Henry fell into the first shadow as if he’d been doing it all his life, then slipped into the second as smooth as if he were sliding on ice, except he didn’t collapse on his ass like he had the few times he had attempted to ice skate. He crossed the street and turned back, looking up at Boothe’s building. The Mason Lofts, fourteen floors of high-end apartments layered above four floors of offices, having once been a department store owned by the Mason family in the early 1900s before the Burg had become the bustling city it was now. While the building’s interior, at least on his floor, looked to feature the latest in architectural aesthetics, the exterior still looked a century old.
Soon Henry was at the corner of Kress and Walker, two-and-a-half miles from his real home.
Slipping from shadow to shadow made for immediate travel. Henry reached his house. Even not living there, it was impossible to think of it as anything else. The goll, who’d been sitting on the roof, saw Henry first. An excellent indication of Samantha’s quality protection.
The goll leapt to the ground, landing a few feet in front of Henry, and greeting him before he’d finished his first bounce. It was as ugly as Boothe had said it was, surprising Henry with its odd appearance. Of course, Henry wasn’t one to talk about odd appearances these days.
The creature spoke. “Master Henry, how are you tonight?”
“I’m sorry. I’m not your master. Just Henry, please.”
“Sorry, Master Henry. But that’s your name, at least for me. Every goll has a master. You’re mine, until Master Boothe says otherwise.”
The beast’s voice was deep, a bit on the slow side, but formal and polite. And yet there wasn’t a single thing Henry liked, or even appreciated, about being loaned a goll.
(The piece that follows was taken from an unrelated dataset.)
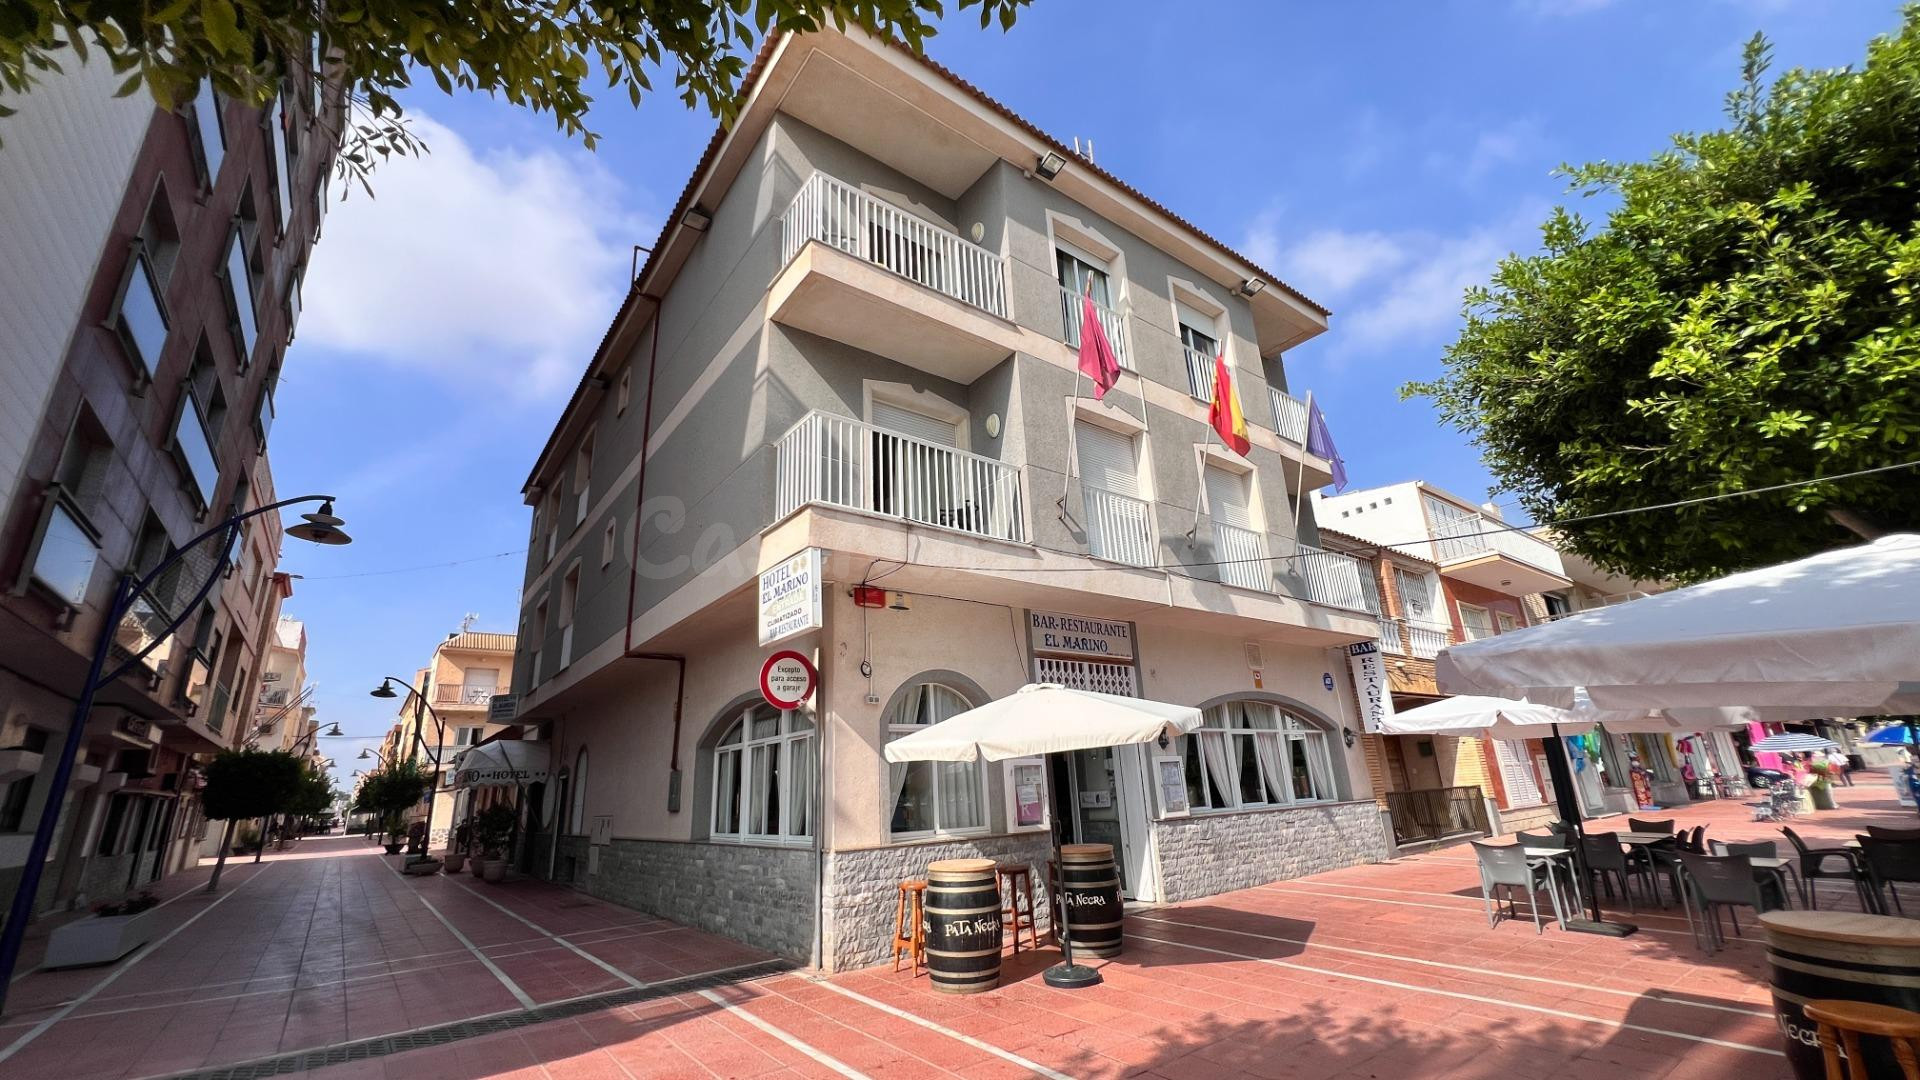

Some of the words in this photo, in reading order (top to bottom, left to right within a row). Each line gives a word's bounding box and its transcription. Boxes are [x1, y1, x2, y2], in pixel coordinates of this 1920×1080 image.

Except that at least Samantha was safe.
“Thank you for protecting her, my wife, I mean. I appreciate it. Who am I thanking?”
“My name is Ezra,” said the goll. “I’m one hundred and three.”
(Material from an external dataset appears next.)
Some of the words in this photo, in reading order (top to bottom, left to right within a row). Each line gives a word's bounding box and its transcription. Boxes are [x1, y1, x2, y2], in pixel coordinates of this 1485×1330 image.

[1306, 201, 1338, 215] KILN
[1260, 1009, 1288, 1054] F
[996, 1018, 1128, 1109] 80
“Impressive,” Henry said, finding it curious that the creature introduced itself like a child, stating its age. The only thing missing from the scene was the goll holding up its fingers ten times, followed by three fingers once. “Do you normally tell people your age on the first date?”
“I
t’s custom.”
Henry stared at Ezra, not knowing if the goll was joking or even capable of humor. His smile seemed simple and sincere, even if the teeth Henry glimpsed were incredible in number and sharpness.
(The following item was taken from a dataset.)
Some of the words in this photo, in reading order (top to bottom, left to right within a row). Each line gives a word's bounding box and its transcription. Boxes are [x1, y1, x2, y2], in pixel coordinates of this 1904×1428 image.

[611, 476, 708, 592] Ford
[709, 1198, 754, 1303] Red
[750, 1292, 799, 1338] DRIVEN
“Did you come to say thank you, Master Henry? Surely your time is more valuable.”
“I’m here to check on my wife.”
“But that’s what I’m here to do!”
“If I thought a hobbit could do the job, I wouldn’t be here.”
Ezra looked down, either ashamed or unwilling to fight. “You’re not going to let her see you, are you, Master Henry?”
He hadn’t spent enough time around golls to know if they were easily scared, but the creature was trembling. “No. Why, what happens if I do?”
“You cannot let her see you,” Ezra breathed, like fire from his throat. “Trust me.”
“Why?”
“Just. Trust. Me.”
“Okay. I think I have the invisible-thing down. How’s this?”
Henry flared himself, sending his body into a different vibration, still with no true understanding of what he was doing or how. The ability came to him, like instinct, as if he’d learned it in his sleep. His eyes hummed under their lids as he blinked, certain of his invisibility.
“I can still see you,” Ezra said as Henry opened his eyes. “But don’t worry,” he added, waving off Henry’s frown, “there’s no problem. You did everything right. Golls see more things than most creatures, especially humans.”
Henry said nothing, staring past the goll and at his house.
“Promise you’ll be careful?” Ezra seemed genuinely terrified. “Master Boothe will be angry if you’re not.”
Henry never had a chance to tell Ezra not to worry, because the goll was screeching almost as soon as he ended his sentence, hopping frantically on the sidewalk while pointing madly at a white van behind him. “He’s here, he’s here, he’s here! I can smell the death on him!”
Henry turned toward the van and instantly recognized the driver. The man with the tiny eyes who had held a gun to Samantha’s head.